例えば生産機械の部品を海外や遠隔地で製造していて、その供給が滞った場合、もし3Dプリンティングを活用出来る環境があれば、供給が元に戻るまでの短期間の「代用品」を3Dプリンティングで作ることによって機械を稼働させることが出来る可能性もあります。

②ヒトが移動できないリスク

製造だけでなく研究開発においても、国内外でヒトの移動が制限されると情報伝達の遅れによる障害が生じ、場合によっては製造以上の損失につながる場合もあると考えられます。例えば人が移動して会議でのデザインレビューにより開発を進めていた場合、ネット会議であればヒトの移動は無くて済みますが、それぞれの場所で3Dプリンティングが使える環境にあれば、モノやヒトを送ることなく、データを送り3Dプリントすれば同じ現物を手に取りながら意見や情報交換もできますし、仮にある開発拠点が機能しなくなり、他の拠点で引き継いだりする場合でも、それまでの試作品を送ることなく、新拠点ですぐに作って再開することも考えられます。

このような考え方は「絵に描いた餅」ではなく、特に航空機体やエンジンのメーカーが、部品のサプライチェーンを変える目的で3Dプリンティングの活用研究と、いま出来るところからの部品製造を積極的かつ急速に進め、既に実現している背景には、前述のようなビジネスリスク対策も含まれていると考えています。(下の写真はformnext展示会にて航空機の部品の左 従来品と、右 品質認証を受けた3Dプリント品の例)
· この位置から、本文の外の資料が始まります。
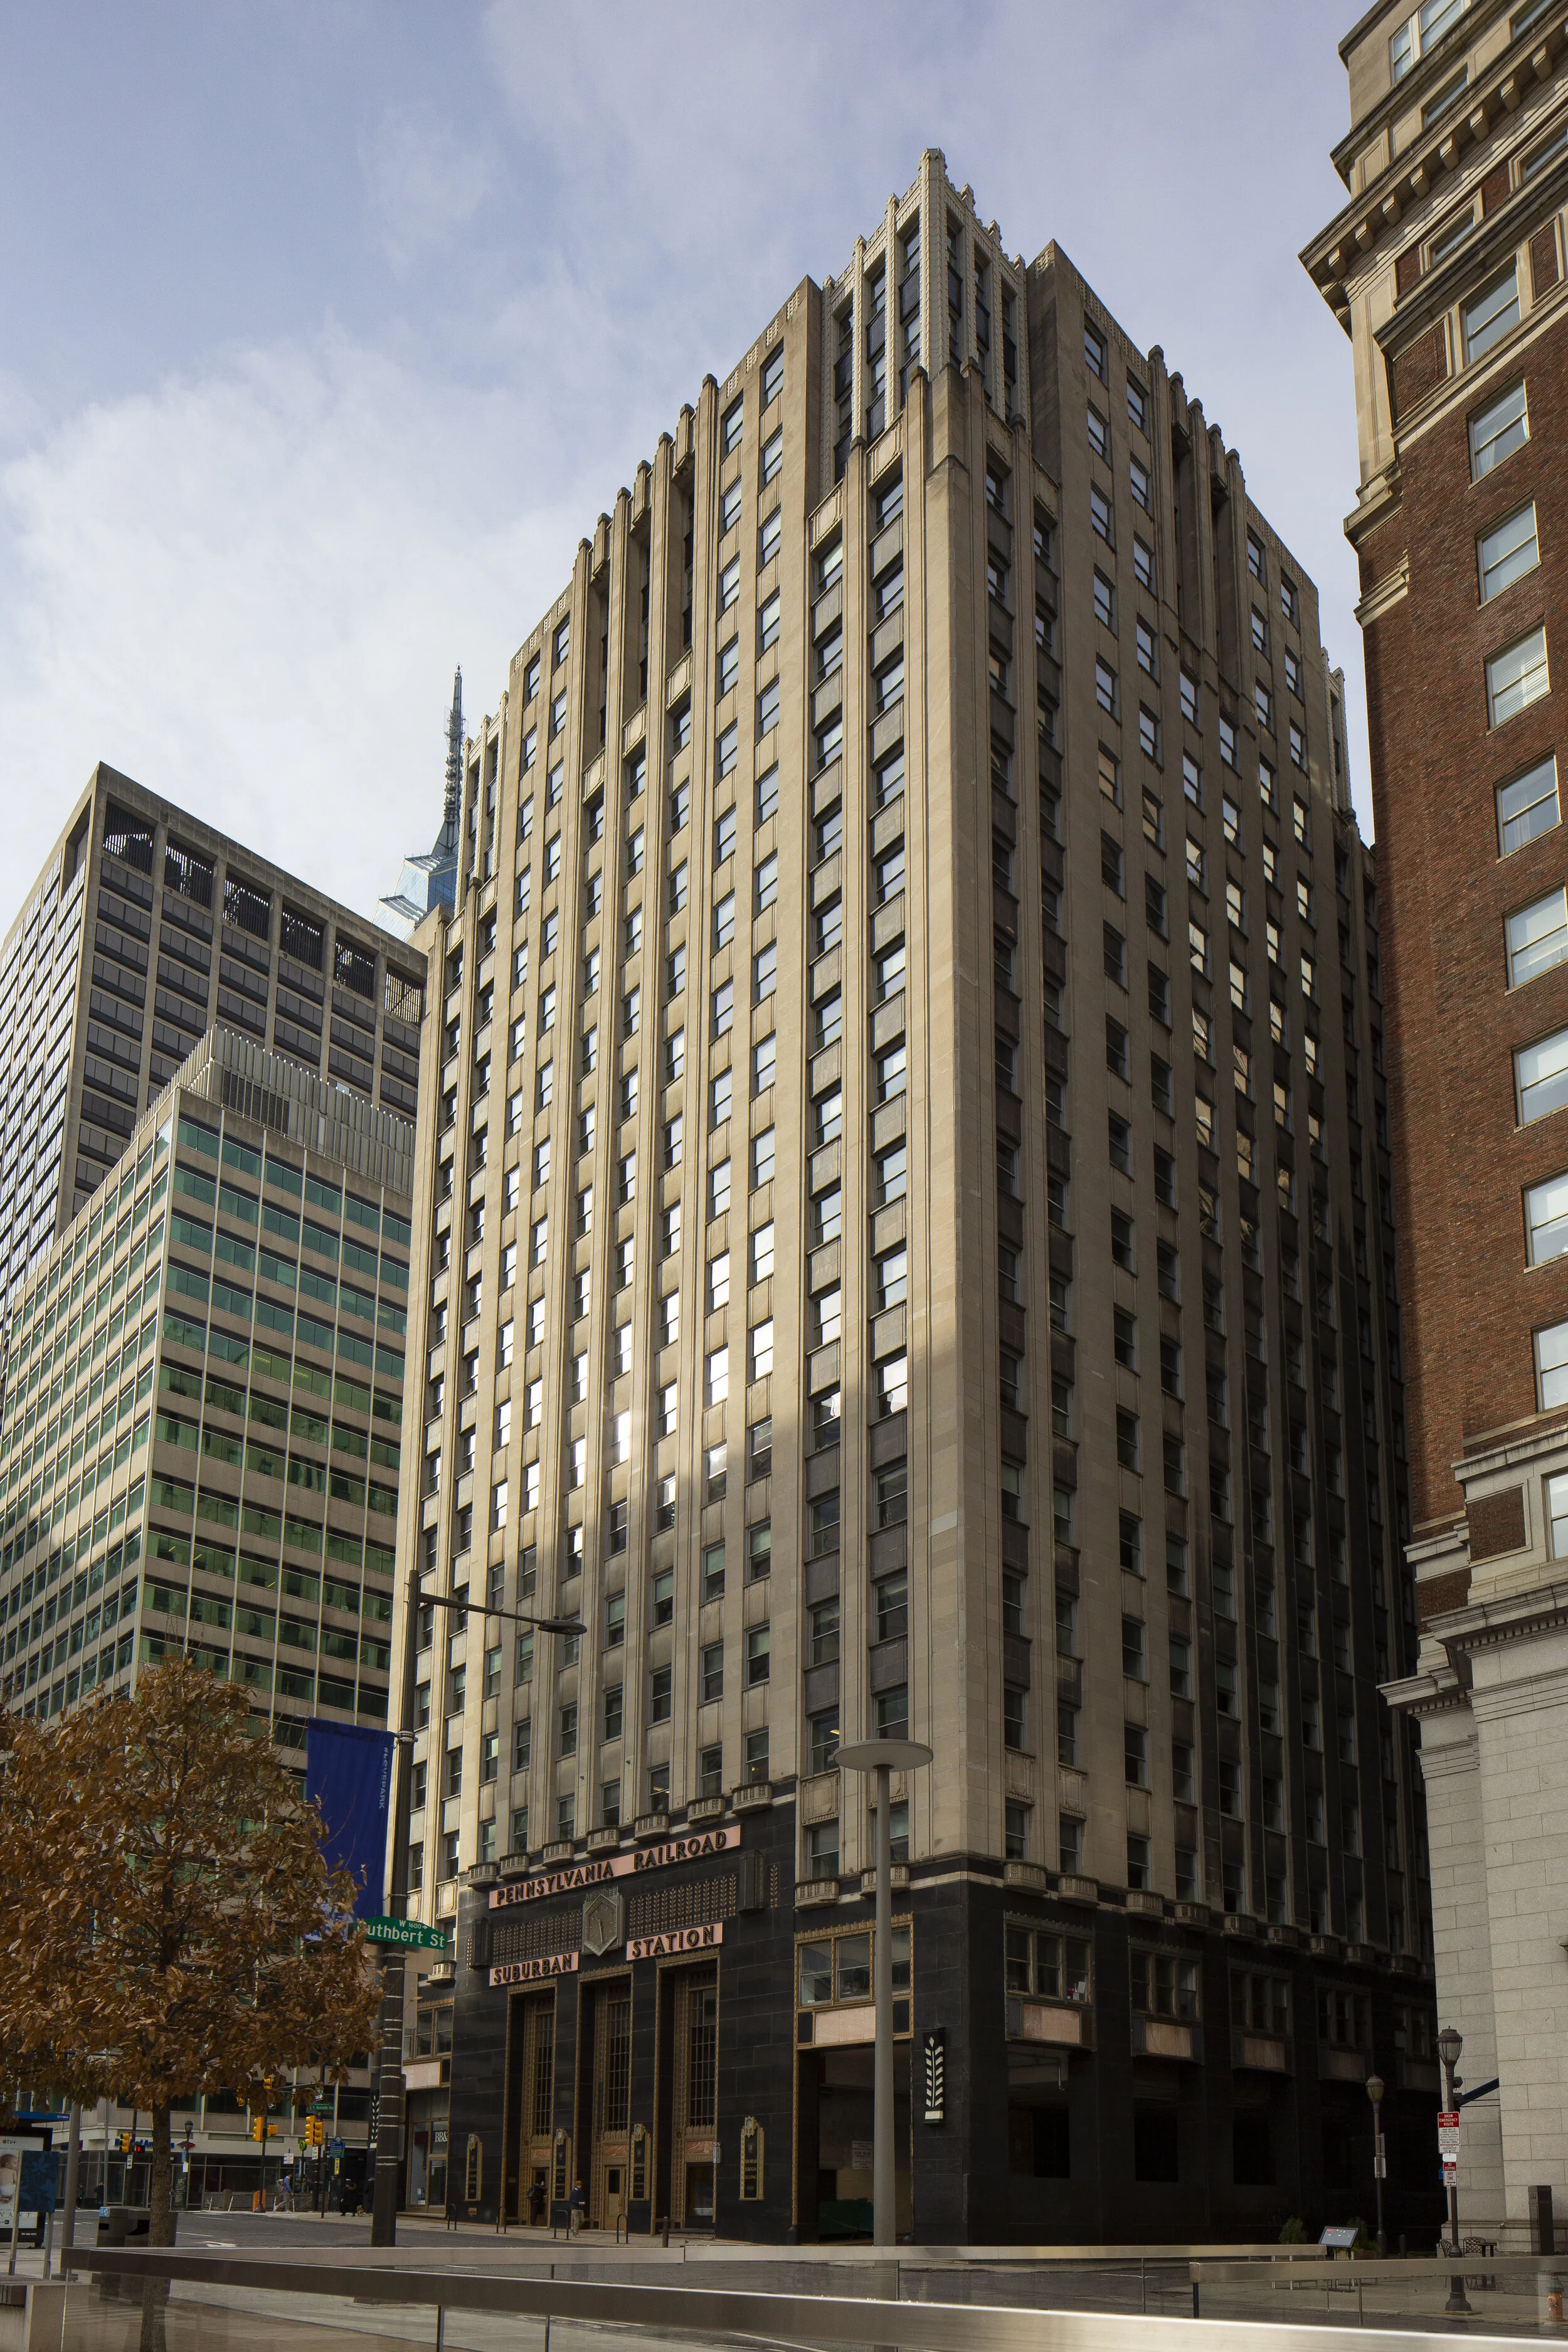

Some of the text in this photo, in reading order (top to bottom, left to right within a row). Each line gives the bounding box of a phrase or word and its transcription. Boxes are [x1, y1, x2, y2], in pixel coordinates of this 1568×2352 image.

[497, 1831, 727, 1904] PENNSYLVANIA RAILROAD
[357, 1924, 445, 1947] uthbert St
[632, 1925, 714, 1958] STATION
[494, 1954, 571, 1984] SUBURBAN
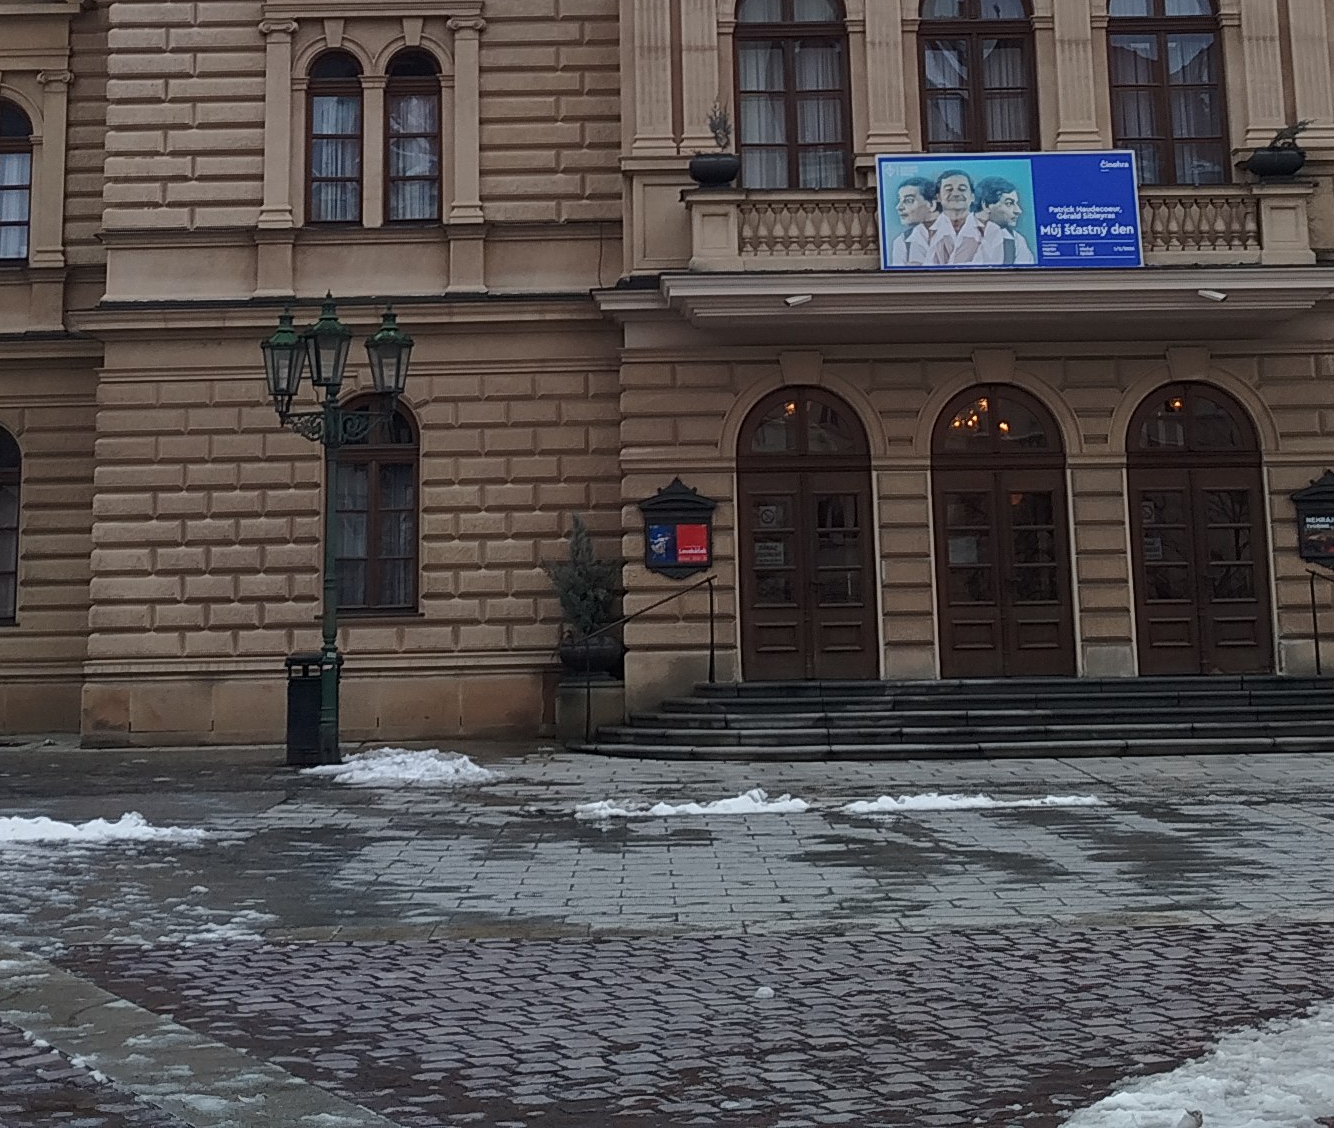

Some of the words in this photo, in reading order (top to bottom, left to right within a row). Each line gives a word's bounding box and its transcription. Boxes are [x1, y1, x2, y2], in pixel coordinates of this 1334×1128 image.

[1040, 223, 1062, 238] Můj
[1064, 222, 1108, 237] šťastný
[1110, 222, 1135, 235] den
繰り返しますが、全ての製造に3Dプリンティングが使えるわけではありませんが、これからも変わり続けるビジネスリスクを少なくする観点でも、「地産地消化」「分散化」「柔軟化」「事業継続性」も期待できる効果として3Dプリンティングを含めたデジタルエンジニアリングの活用に取り組む価値は今後も高まると思います。みなさんはどのようにお考えになるでしょうか?

「次世代3Dプリンタ展」のお知らせ

先回のコラムでもお伝えしましたが、2月26~28日に千葉の幕張メッセで「次世代3Dプリンタ展」が開催されます。

主催者ホームページ https://www.japan-mfg.jp/ja-jp/about/am.html

丸紅情報システムズ株式会社の出展はありませんが、弊社説明員が下記2つのブースに参加し、筆者もどちらかのブースか会場内にいる予定です。

株式会社ストラタシス・ジャパン 【小間番号】 50-55

Desktop Metal(アメリカ本社) 【小間番号】 56-30

来週の時点で状況がどうなっているかわかりませんが、ご来場される場合は是非お立ち寄りください。


【2月25日上記一部訂正】2月25日のストラタシスジャパン様の発表により、新型コロナウイルス対策により展示は縮小され、弊社説明員は不参加となりました。それに伴い、筆者も不参加と致します。申し訳ございません。